Free-text object descriptions
◆ ◆ ◆ ◆ ◆
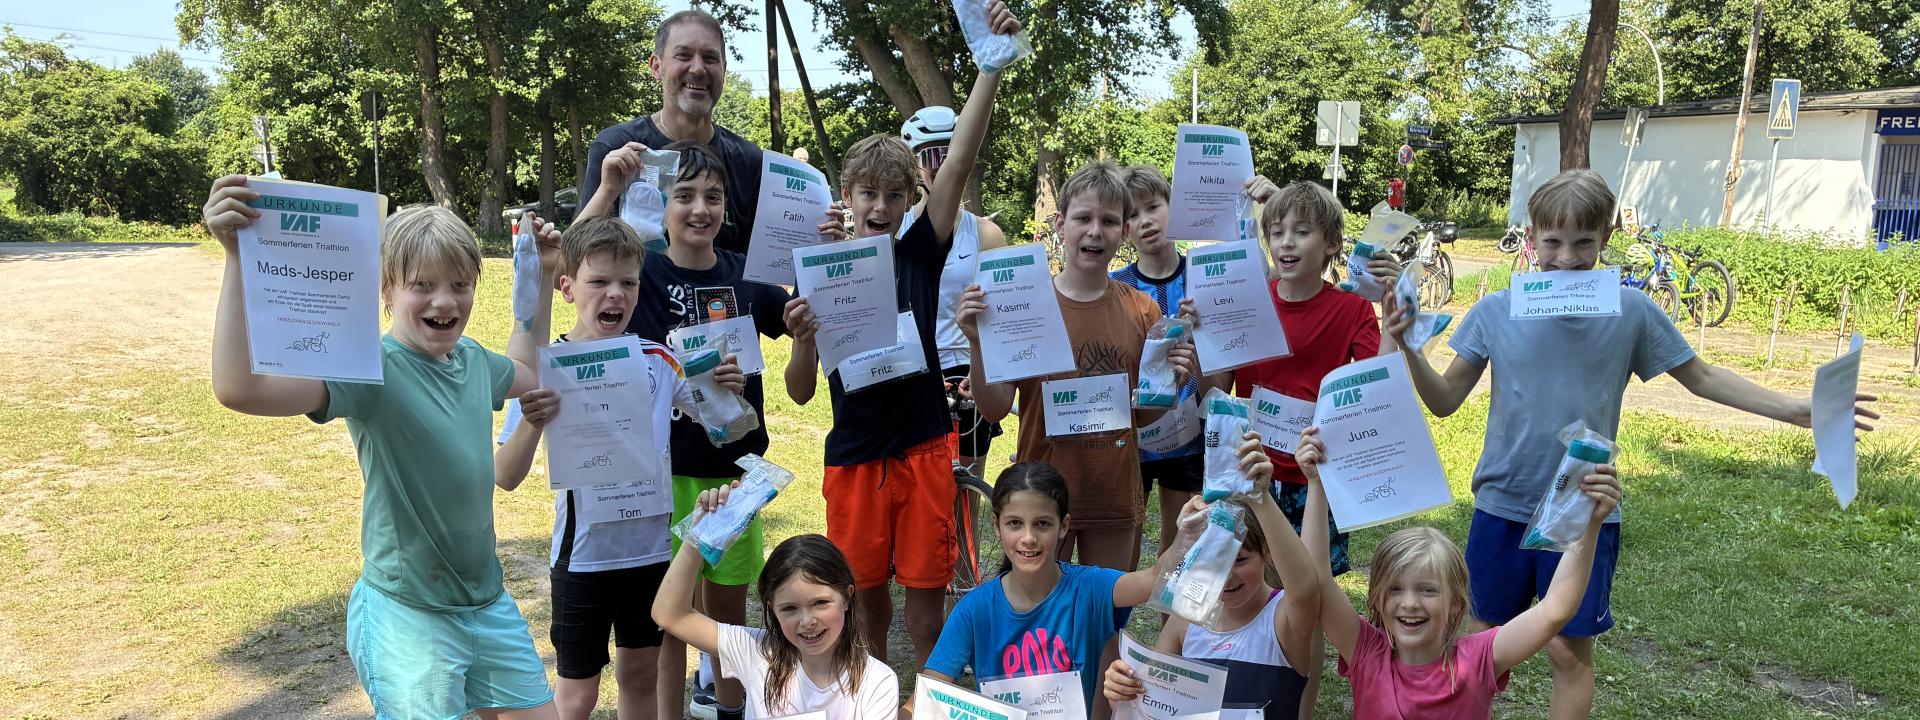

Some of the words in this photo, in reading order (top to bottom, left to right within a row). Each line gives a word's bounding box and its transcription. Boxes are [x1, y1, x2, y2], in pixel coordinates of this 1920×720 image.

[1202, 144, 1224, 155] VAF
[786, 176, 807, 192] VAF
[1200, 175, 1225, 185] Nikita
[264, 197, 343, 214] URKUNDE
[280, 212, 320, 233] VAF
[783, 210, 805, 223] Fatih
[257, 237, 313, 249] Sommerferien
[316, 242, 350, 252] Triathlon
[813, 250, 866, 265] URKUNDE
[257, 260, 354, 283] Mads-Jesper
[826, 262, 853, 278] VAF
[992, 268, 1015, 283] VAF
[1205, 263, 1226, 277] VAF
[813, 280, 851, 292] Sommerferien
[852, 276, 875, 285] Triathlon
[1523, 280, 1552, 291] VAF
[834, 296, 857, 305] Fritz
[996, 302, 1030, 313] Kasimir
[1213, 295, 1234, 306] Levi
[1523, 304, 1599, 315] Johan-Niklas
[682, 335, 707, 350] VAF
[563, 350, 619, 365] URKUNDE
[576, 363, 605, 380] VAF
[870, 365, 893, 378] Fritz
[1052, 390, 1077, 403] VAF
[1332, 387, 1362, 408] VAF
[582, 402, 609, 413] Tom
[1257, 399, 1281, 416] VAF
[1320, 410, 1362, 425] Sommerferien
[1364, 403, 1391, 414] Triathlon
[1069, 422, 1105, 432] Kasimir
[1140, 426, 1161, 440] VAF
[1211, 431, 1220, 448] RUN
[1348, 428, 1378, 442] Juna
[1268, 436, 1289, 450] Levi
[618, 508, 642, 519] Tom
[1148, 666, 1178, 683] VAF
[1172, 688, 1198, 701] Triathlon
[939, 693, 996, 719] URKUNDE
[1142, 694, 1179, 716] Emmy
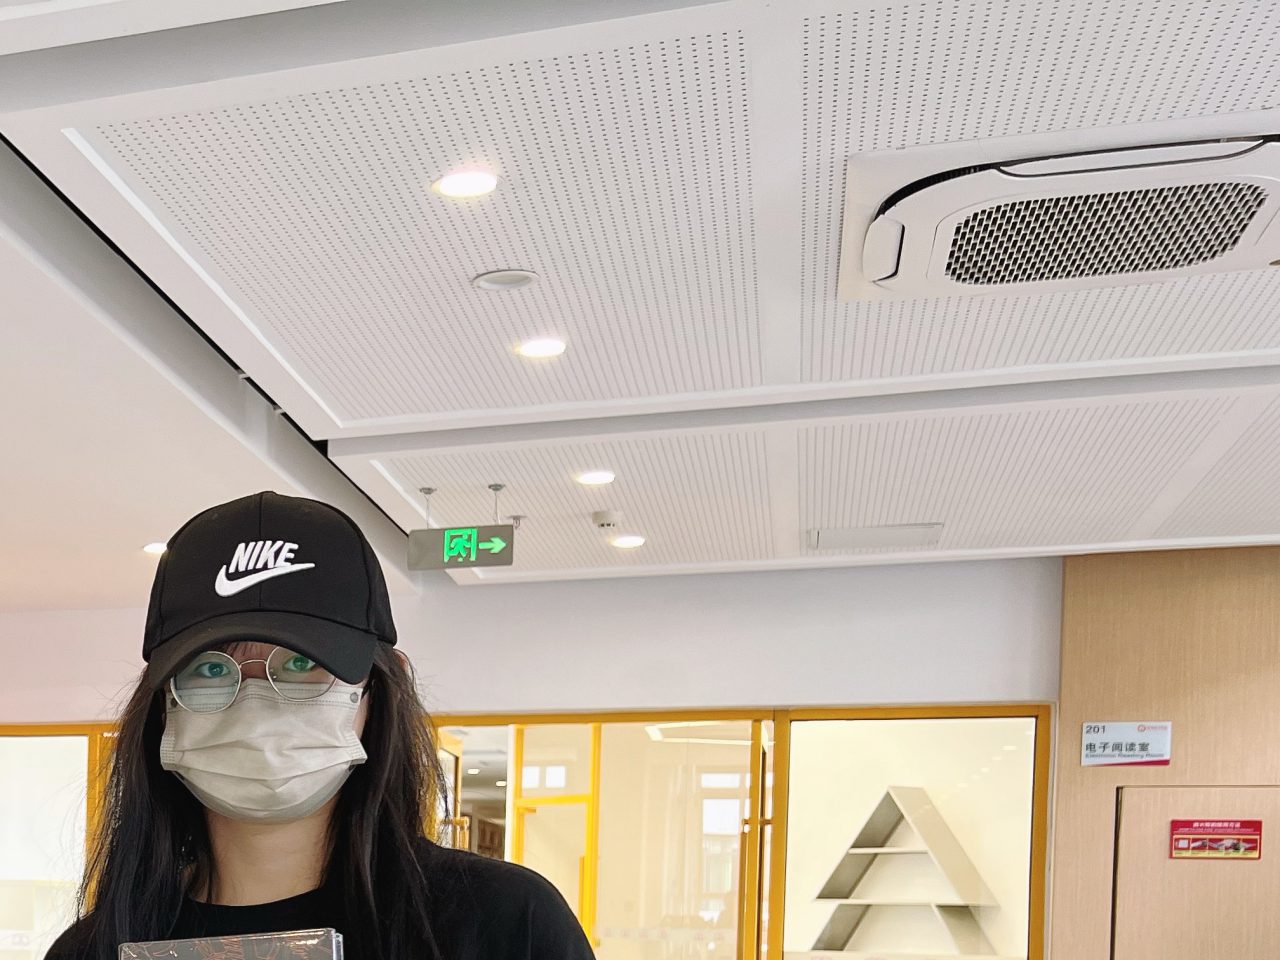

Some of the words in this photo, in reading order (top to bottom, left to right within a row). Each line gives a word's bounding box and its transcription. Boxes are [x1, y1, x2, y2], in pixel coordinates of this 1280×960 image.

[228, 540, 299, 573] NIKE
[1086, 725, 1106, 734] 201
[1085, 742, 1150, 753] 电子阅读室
◆ ◆ ◆ ◆ ◆
→ **WHAT THIS TASK INVOLVES**: Could you output every record above exactly as it appears, without the pictures?

→ **SOLVED EXERCISE**:
Some of the words in this photo, in reading order (top to bottom, left to right within a row). Each line gives a word's bounding box and its transcription. Boxes are [x1, y1, x2, y2], in pixel coordinates of this 1920×720 image.

[1202, 144, 1224, 155] VAF
[786, 176, 807, 192] VAF
[1200, 175, 1225, 185] Nikita
[264, 197, 343, 214] URKUNDE
[280, 212, 320, 233] VAF
[783, 210, 805, 223] Fatih
[257, 237, 313, 249] Sommerferien
[316, 242, 350, 252] Triathlon
[813, 250, 866, 265] URKUNDE
[257, 260, 354, 283] Mads-Jesper
[826, 262, 853, 278] VAF
[992, 268, 1015, 283] VAF
[1205, 263, 1226, 277] VAF
[813, 280, 851, 292] Sommerferien
[852, 276, 875, 285] Triathlon
[1523, 280, 1552, 291] VAF
[834, 296, 857, 305] Fritz
[996, 302, 1030, 313] Kasimir
[1213, 295, 1234, 306] Levi
[1523, 304, 1599, 315] Johan-Niklas
[682, 335, 707, 350] VAF
[563, 350, 619, 365] URKUNDE
[576, 363, 605, 380] VAF
[870, 365, 893, 378] Fritz
[1052, 390, 1077, 403] VAF
[1332, 387, 1362, 408] VAF
[582, 402, 609, 413] Tom
[1257, 399, 1281, 416] VAF
[1320, 410, 1362, 425] Sommerferien
[1364, 403, 1391, 414] Triathlon
[1069, 422, 1105, 432] Kasimir
[1140, 426, 1161, 440] VAF
[1211, 431, 1220, 448] RUN
[1348, 428, 1378, 442] Juna
[1268, 436, 1289, 450] Levi
[618, 508, 642, 519] Tom
[1148, 666, 1178, 683] VAF
[1172, 688, 1198, 701] Triathlon
[939, 693, 996, 719] URKUNDE
[1142, 694, 1179, 716] Emmy

Some of the words in this photo, in reading order (top to bottom, left to right within a row). Each line gives a word's bounding box and its transcription. Boxes are [x1, y1, x2, y2], in pixel coordinates of this 1280×960 image.

[228, 540, 299, 573] NIKE
[1086, 725, 1106, 734] 201
[1085, 742, 1150, 753] 电子阅读室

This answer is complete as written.